__Record extracts__
========================================================================

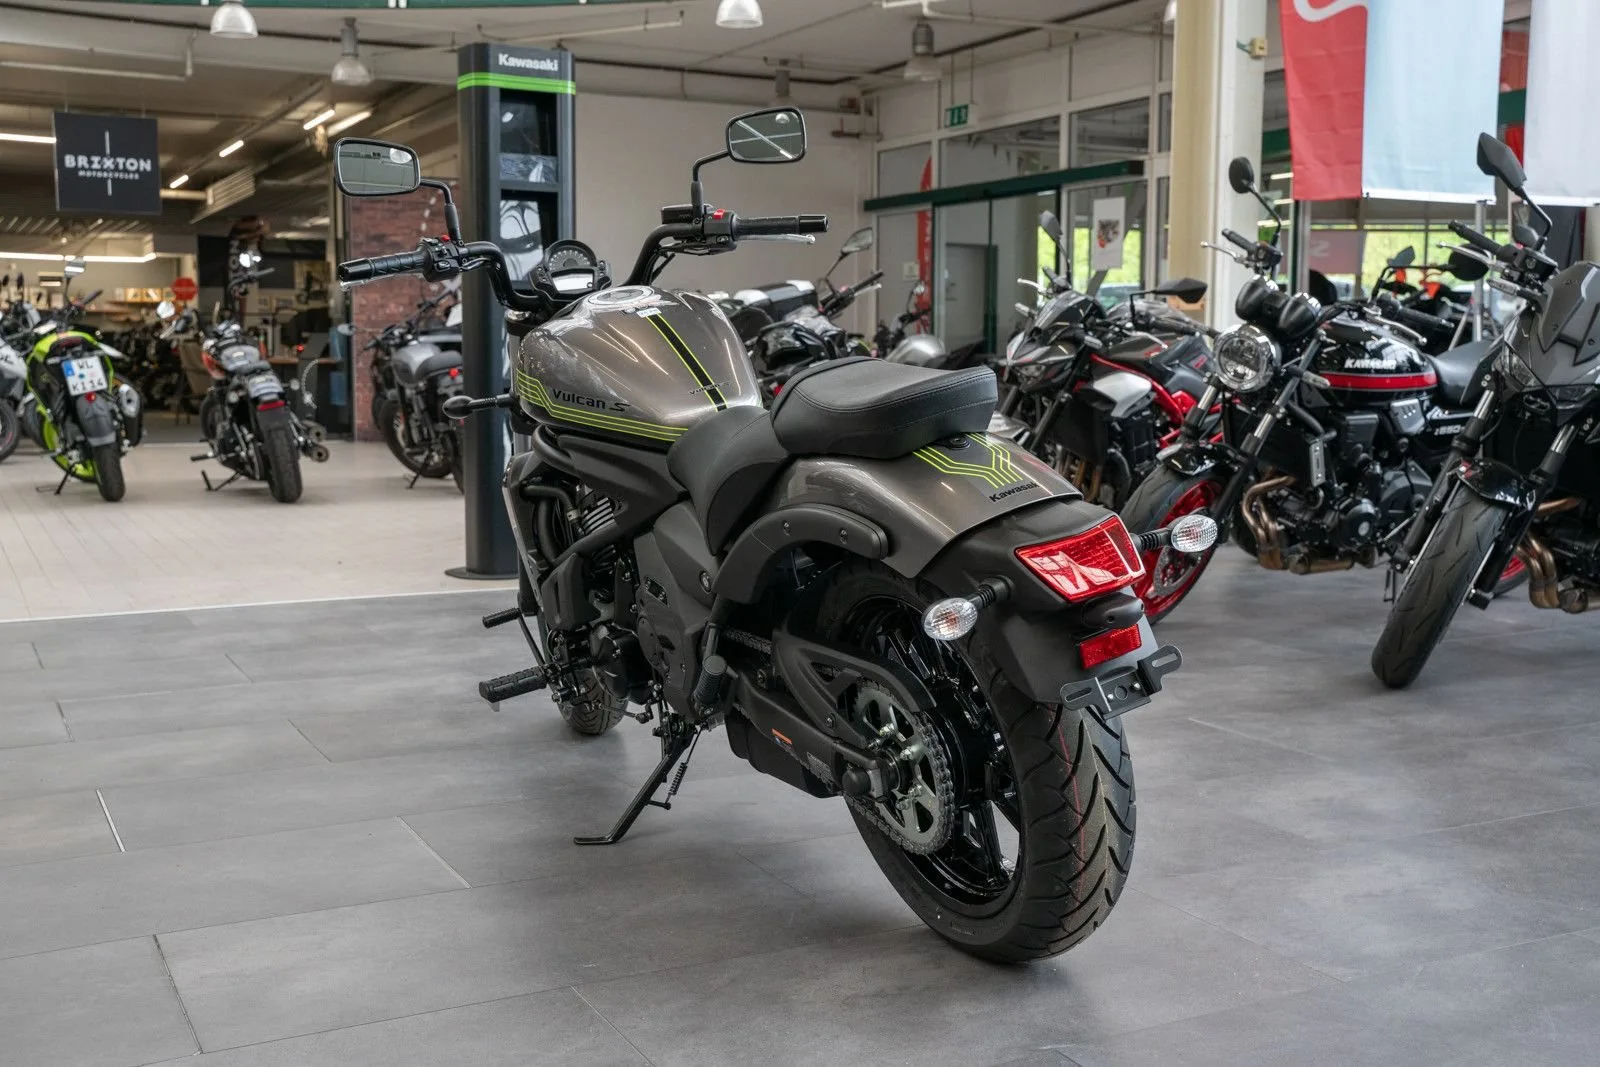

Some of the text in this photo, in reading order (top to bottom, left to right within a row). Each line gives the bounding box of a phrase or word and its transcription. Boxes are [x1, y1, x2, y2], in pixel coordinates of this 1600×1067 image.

[498, 53, 559, 71] Kawasaki
[64, 154, 152, 172] BRIXTON
[553, 388, 631, 412] Vulcan S
[989, 482, 1041, 502] Kawasak
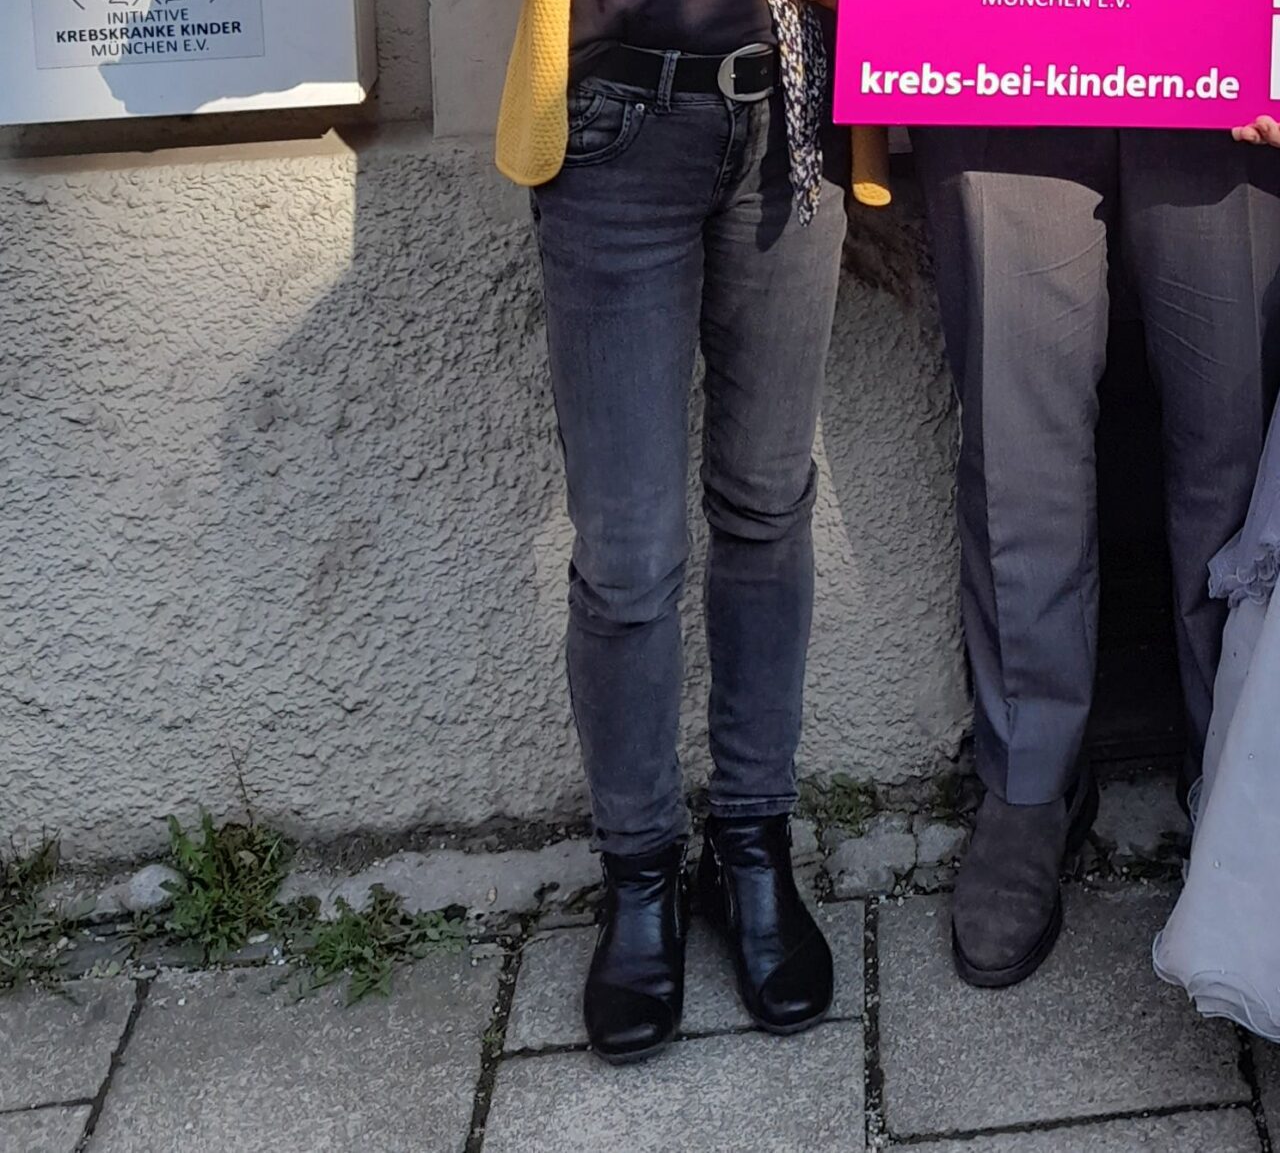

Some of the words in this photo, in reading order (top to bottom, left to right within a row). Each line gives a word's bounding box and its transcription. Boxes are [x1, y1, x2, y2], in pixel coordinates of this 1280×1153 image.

[107, 7, 189, 25] INITIATIVE
[56, 23, 175, 43] KREBSKRANKE
[180, 20, 242, 36] KINDER
[91, 39, 178, 57] MÜNCHEN
[183, 38, 210, 52] E.V.
[860, 62, 1240, 101] krebs-bei-kindern.de
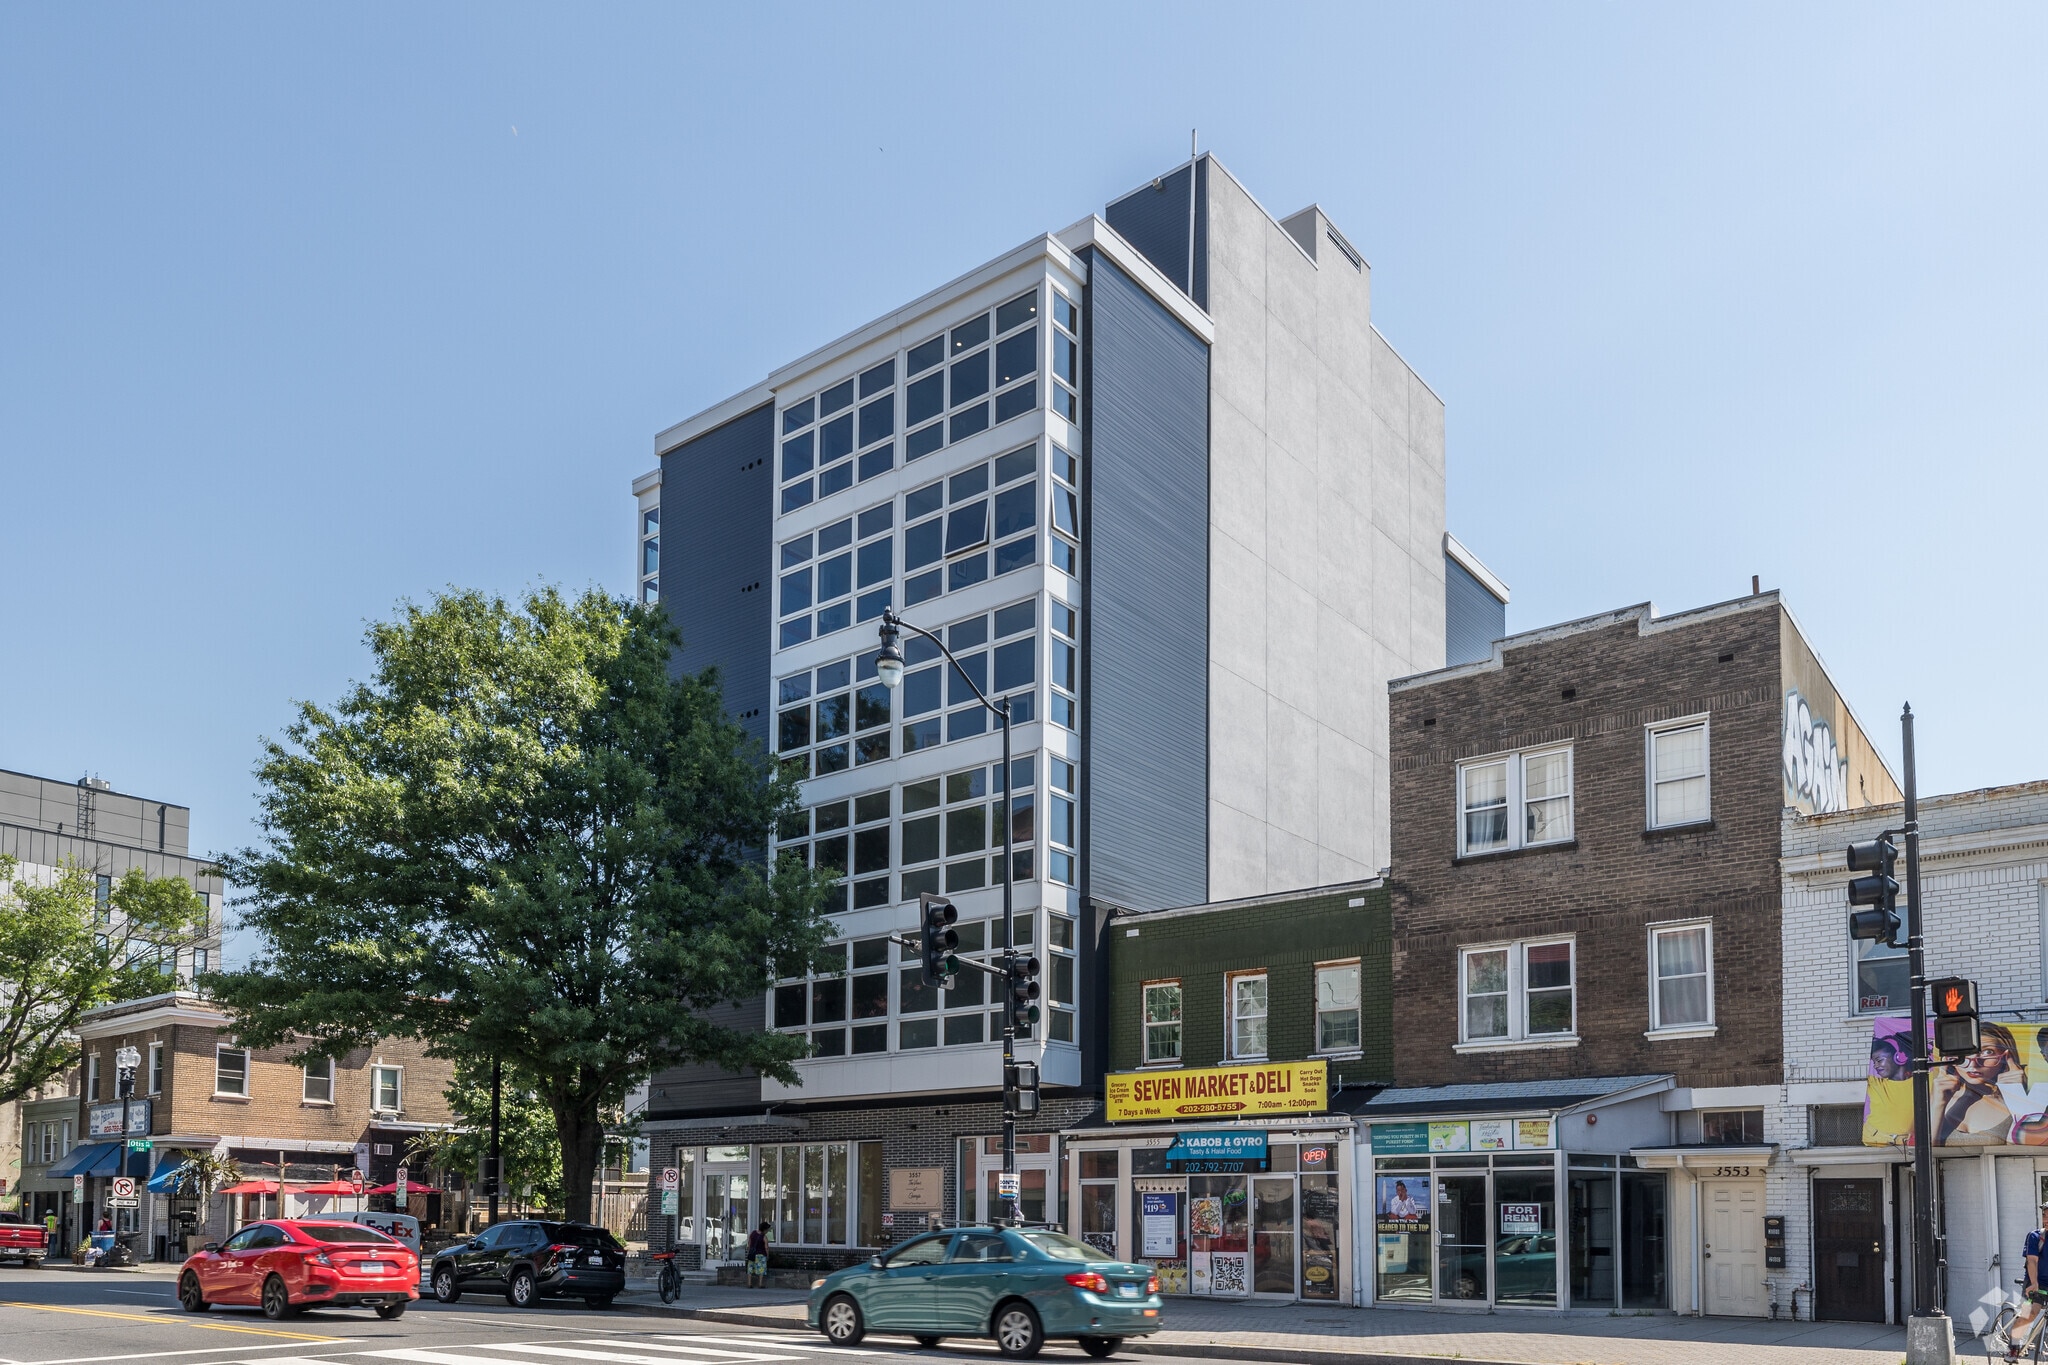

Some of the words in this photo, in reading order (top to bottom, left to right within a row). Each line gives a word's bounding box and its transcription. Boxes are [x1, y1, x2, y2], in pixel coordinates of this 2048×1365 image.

[1861, 996, 1888, 1009] RENT
[1134, 1077, 1181, 1102] SEVEN
[1185, 1073, 1249, 1099] MARKET
[1256, 1069, 1291, 1095] DELI
[1258, 1100, 1283, 1109] 7:00am
[1288, 1099, 1317, 1109] 12:00pm
[1123, 1109, 1138, 1117] Days
[1144, 1107, 1161, 1115] Week
[1186, 1138, 1223, 1147] KABOB
[1224, 1138, 1231, 1146] &
[1233, 1137, 1263, 1146] GYRO
[1303, 1150, 1327, 1161] OPEN
[1185, 1162, 1244, 1172] 202-792-7707
[1713, 1166, 1750, 1177] 3553
[1223, 1190, 1246, 1206] ATM
[1508, 1206, 1533, 1214] FOR
[882, 1215, 894, 1224] FDC
[1504, 1214, 1538, 1222] RENT
[366, 1219, 414, 1239] FedEx
[1377, 1223, 1399, 1232] HEADED
[1399, 1223, 1406, 1232] TO
[1407, 1223, 1418, 1232] THE
[1418, 1223, 1430, 1232] TOP

========================================================================

__Task directions__
Exactly and exclusively, repeat the lines from the line that contains "this 2048×1365 image." through the end of the records, both ends included.

__Task result__
Some of the words in this photo, in reading order (top to bottom, left to right within a row). Each line gives a word's bounding box and its transcription. Boxes are [x1, y1, x2, y2], in pixel coordinates of this 2048×1365 image.

[1861, 996, 1888, 1009] RENT
[1134, 1077, 1181, 1102] SEVEN
[1185, 1073, 1249, 1099] MARKET
[1256, 1069, 1291, 1095] DELI
[1258, 1100, 1283, 1109] 7:00am
[1288, 1099, 1317, 1109] 12:00pm
[1123, 1109, 1138, 1117] Days
[1144, 1107, 1161, 1115] Week
[1186, 1138, 1223, 1147] KABOB
[1224, 1138, 1231, 1146] &
[1233, 1137, 1263, 1146] GYRO
[1303, 1150, 1327, 1161] OPEN
[1185, 1162, 1244, 1172] 202-792-7707
[1713, 1166, 1750, 1177] 3553
[1223, 1190, 1246, 1206] ATM
[1508, 1206, 1533, 1214] FOR
[882, 1215, 894, 1224] FDC
[1504, 1214, 1538, 1222] RENT
[366, 1219, 414, 1239] FedEx
[1377, 1223, 1399, 1232] HEADED
[1399, 1223, 1406, 1232] TO
[1407, 1223, 1418, 1232] THE
[1418, 1223, 1430, 1232] TOP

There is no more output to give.